(EXERCISE INSTRUCTIONS): Apart from the pictures, every line below is to be set down exactly.

[Data items]
= = = = =

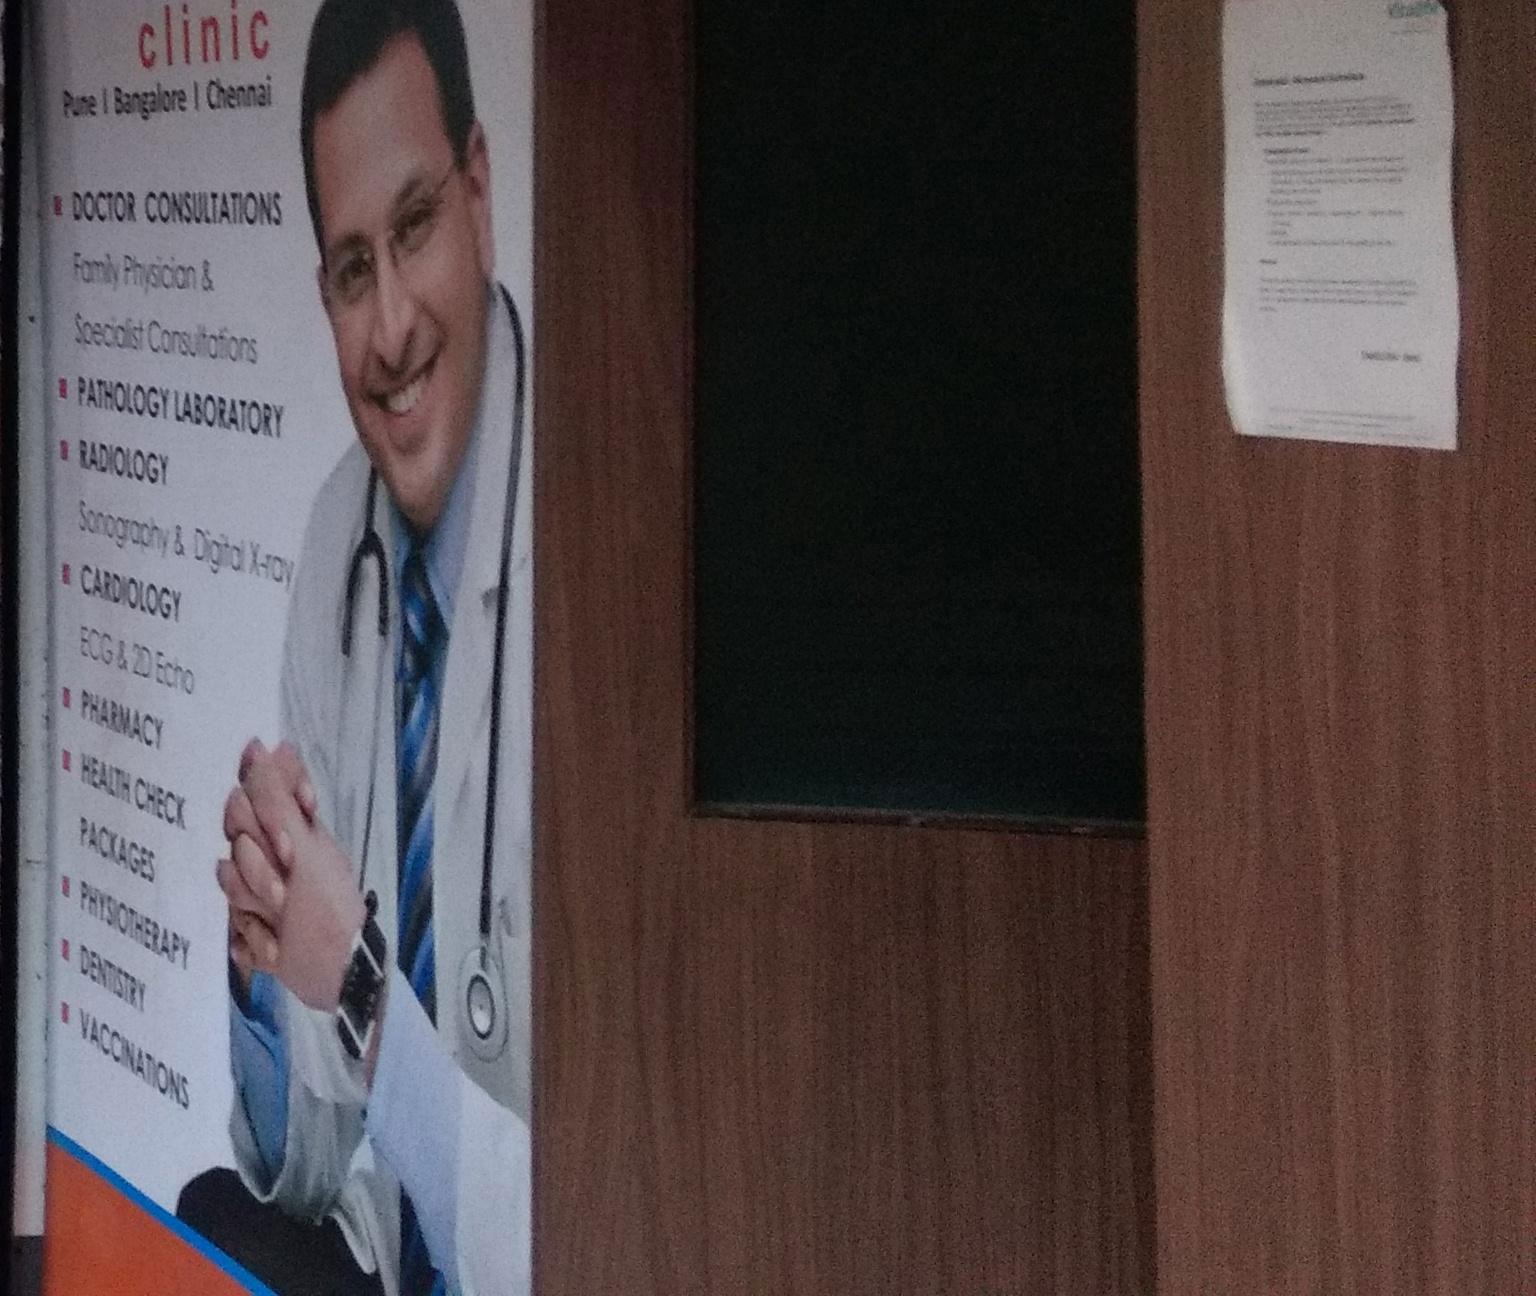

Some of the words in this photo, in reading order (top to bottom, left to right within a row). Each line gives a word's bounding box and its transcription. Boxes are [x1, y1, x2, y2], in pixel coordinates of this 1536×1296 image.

[63, 89, 97, 117] Pune
[114, 82, 187, 120] Bangalore
[206, 75, 272, 111] Chennai
[72, 191, 136, 222] DOCTOR
[144, 192, 283, 225] CONSULTATIONS
[73, 252, 118, 291] Family
[124, 254, 196, 293] Physician
[202, 259, 214, 292] &
[75, 313, 144, 352] Specialist
[147, 320, 258, 364] Consultations
[78, 376, 170, 419] PATHOLOGY
[175, 391, 284, 438] LABORATORY
[79, 439, 169, 485] RADIOLOGY
[79, 500, 170, 558] Sonography
[175, 524, 185, 556] &
[194, 528, 246, 574] Digital
[80, 564, 182, 621] CARDIOLOGY
[80, 625, 114, 666] ECG
[117, 640, 128, 670] &
[132, 644, 153, 679] 2D
[155, 652, 195, 695] Echo
[81, 689, 164, 750] PHARMACY
[80, 752, 132, 798] HEALTH
[134, 777, 187, 830] CHECK
[79, 816, 156, 883] PACKAGES
[79, 881, 191, 970] PHYSIOTHERAPY
[79, 944, 146, 1012] DENTISTRY
[79, 1006, 191, 1111] VACCINATIONS
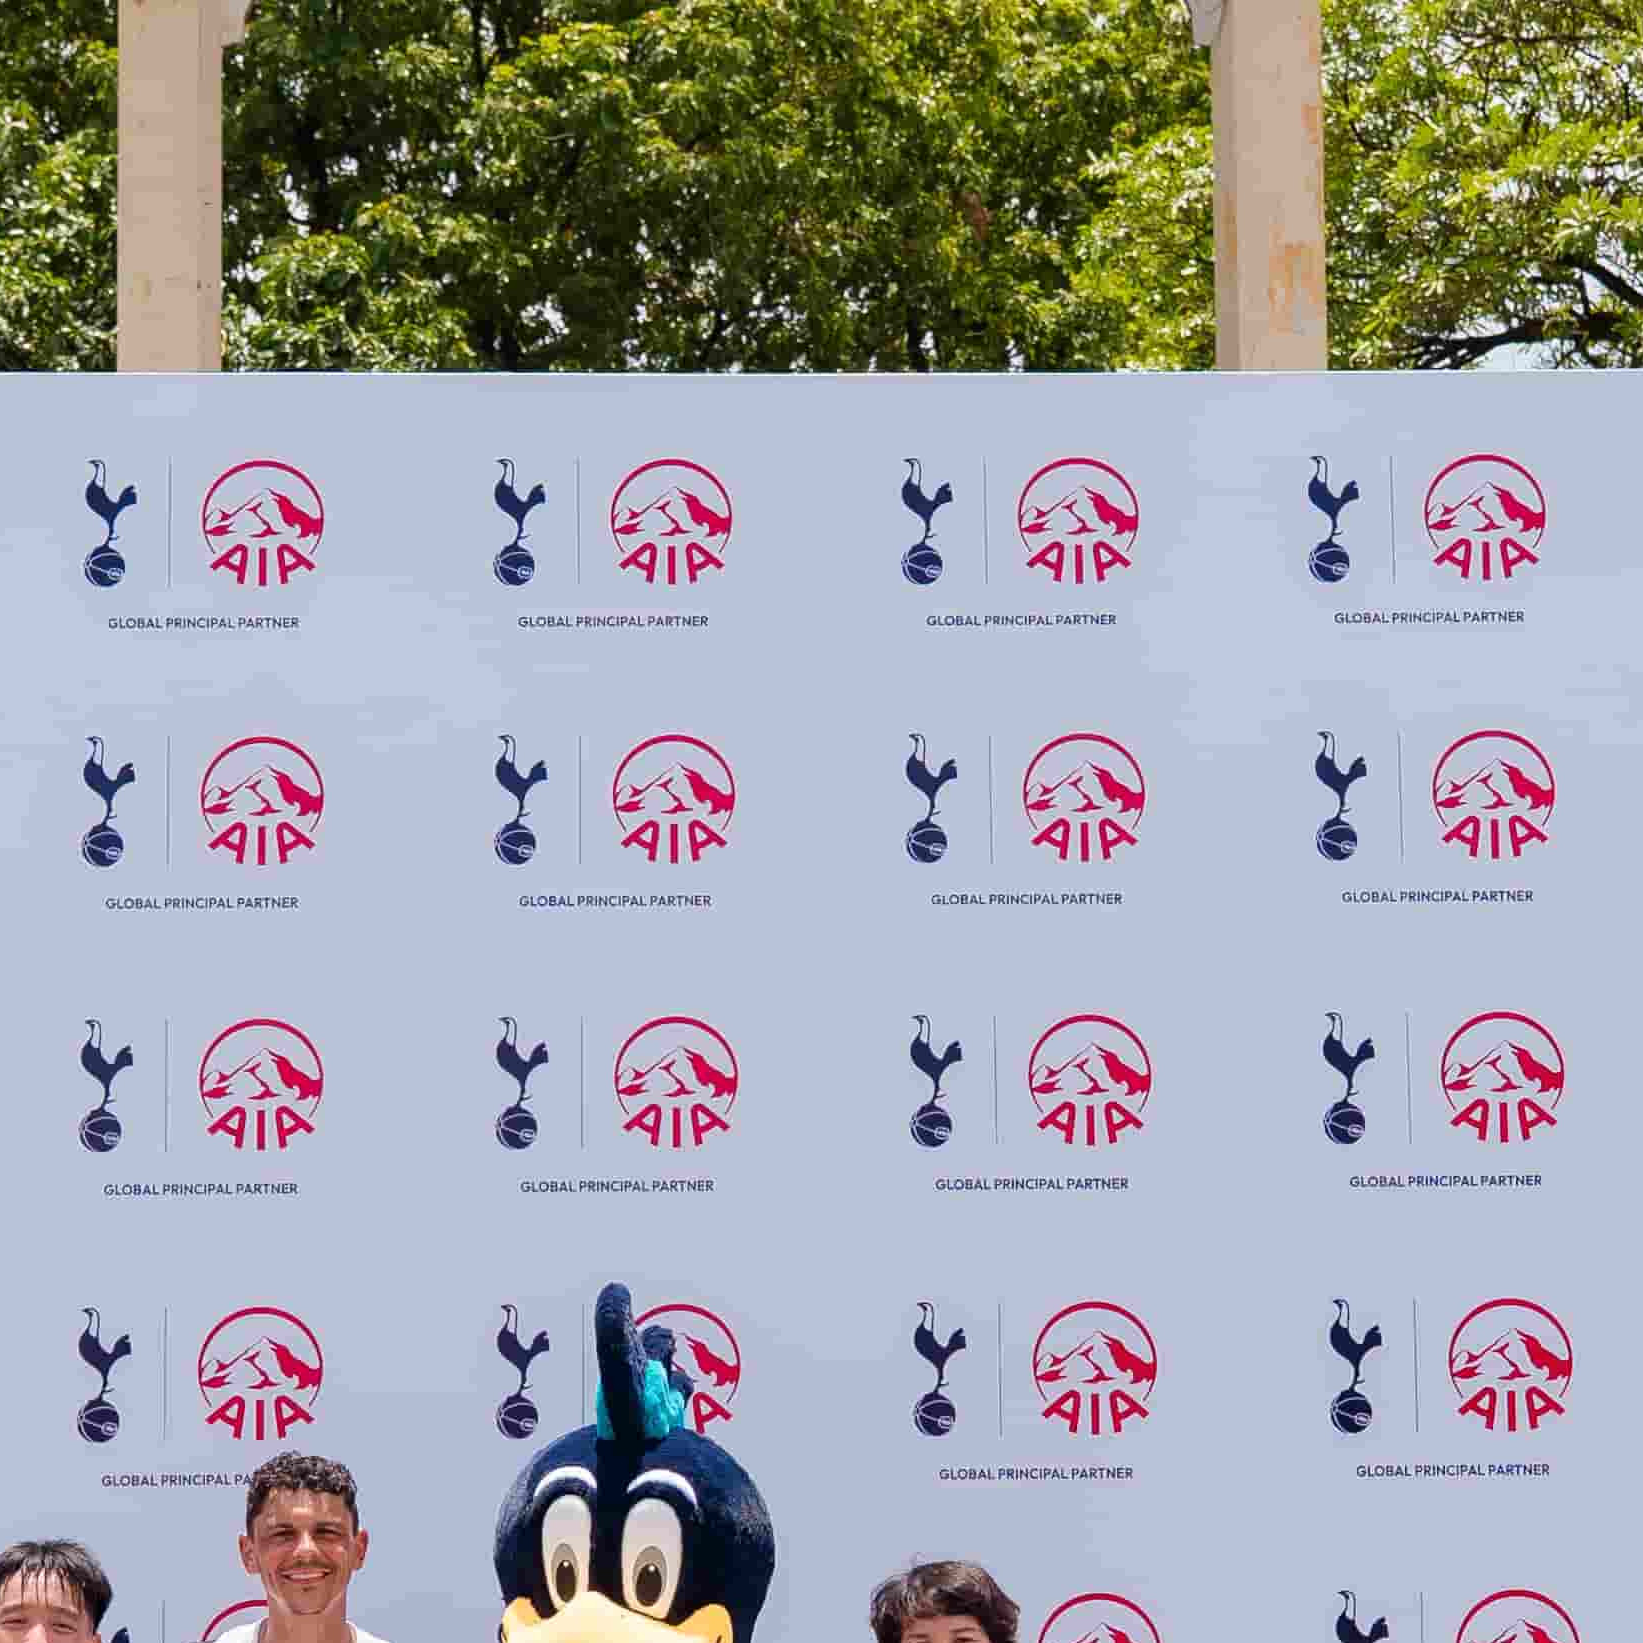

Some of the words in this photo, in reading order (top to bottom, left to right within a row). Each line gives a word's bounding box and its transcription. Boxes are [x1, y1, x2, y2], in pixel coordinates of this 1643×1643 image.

[210, 543, 317, 586] AIA
[618, 542, 725, 585] AIA
[1027, 540, 1133, 585] AIA
[926, 615, 982, 627] GLOBAL
[983, 615, 1054, 628] PRINCIPAL
[1055, 613, 1117, 625] PARTNER
[620, 819, 727, 865] AIA
[519, 895, 575, 907] GLOBAL
[577, 895, 648, 907] PRINCIPAL
[650, 895, 712, 907] PARTNER
[1450, 1097, 1559, 1144] AIA
[1349, 1175, 1405, 1188] GLOBAL
[1407, 1175, 1478, 1187] PRINCIPAL
[1480, 1174, 1542, 1187] PARTNER
[1042, 1389, 1151, 1436] AIA
[938, 1467, 995, 1481] GLOBAL
[997, 1467, 1069, 1481] PRINCIPAL
[1071, 1467, 1134, 1481] PARTNER
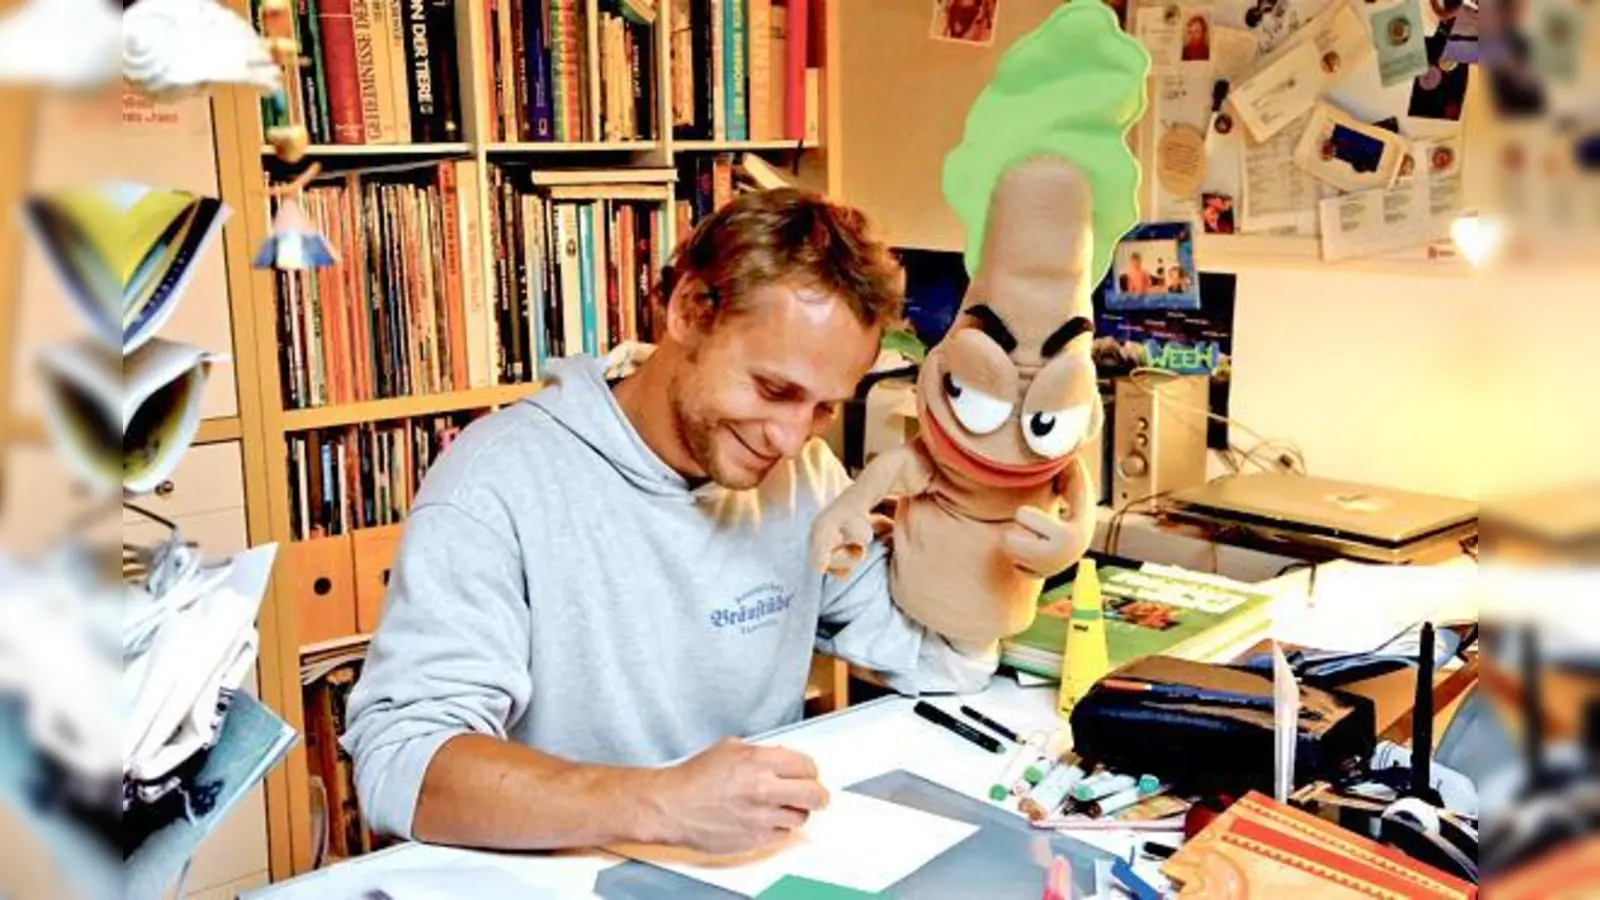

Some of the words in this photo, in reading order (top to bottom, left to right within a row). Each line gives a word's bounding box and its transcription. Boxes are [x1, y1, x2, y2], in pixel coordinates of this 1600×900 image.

= = = = =

(ANSWER TO THE PROBLEM):
Some of the words in this photo, in reading order (top to bottom, left to right within a row). Each line gives a word's bounding box and its transcription. Boxes are [x1, y1, x2, y2], in pixel coordinates of this 1536×1296 image.

[63, 89, 97, 117] Pune
[114, 82, 187, 120] Bangalore
[206, 75, 272, 111] Chennai
[72, 191, 136, 222] DOCTOR
[144, 192, 283, 225] CONSULTATIONS
[73, 252, 118, 291] Family
[124, 254, 196, 293] Physician
[202, 259, 214, 292] &
[75, 313, 144, 352] Specialist
[147, 320, 258, 364] Consultations
[78, 376, 170, 419] PATHOLOGY
[175, 391, 284, 438] LABORATORY
[79, 439, 169, 485] RADIOLOGY
[79, 500, 170, 558] Sonography
[175, 524, 185, 556] &
[194, 528, 246, 574] Digital
[80, 564, 182, 621] CARDIOLOGY
[80, 625, 114, 666] ECG
[117, 640, 128, 670] &
[132, 644, 153, 679] 2D
[155, 652, 195, 695] Echo
[81, 689, 164, 750] PHARMACY
[80, 752, 132, 798] HEALTH
[134, 777, 187, 830] CHECK
[79, 816, 156, 883] PACKAGES
[79, 881, 191, 970] PHYSIOTHERAPY
[79, 944, 146, 1012] DENTISTRY
[79, 1006, 191, 1111] VACCINATIONS

Some of the words in this photo, in reading order (top to bottom, left to right within a row). Each line gives a word's bounding box and its transcription. Boxes are [x1, y1, x2, y2], in pixel coordinates of this 1643×1643 image.

[210, 543, 317, 586] AIA
[618, 542, 725, 585] AIA
[1027, 540, 1133, 585] AIA
[926, 615, 982, 627] GLOBAL
[983, 615, 1054, 628] PRINCIPAL
[1055, 613, 1117, 625] PARTNER
[620, 819, 727, 865] AIA
[519, 895, 575, 907] GLOBAL
[577, 895, 648, 907] PRINCIPAL
[650, 895, 712, 907] PARTNER
[1450, 1097, 1559, 1144] AIA
[1349, 1175, 1405, 1188] GLOBAL
[1407, 1175, 1478, 1187] PRINCIPAL
[1480, 1174, 1542, 1187] PARTNER
[1042, 1389, 1151, 1436] AIA
[938, 1467, 995, 1481] GLOBAL
[997, 1467, 1069, 1481] PRINCIPAL
[1071, 1467, 1134, 1481] PARTNER

Some of the words in this photo, in reading order (top to bottom, left to right within a row). Each line gives a word's bounding box and its transcription. Boxes are [x1, y1, x2, y2], in pixel coordinates of this 1600×900 image.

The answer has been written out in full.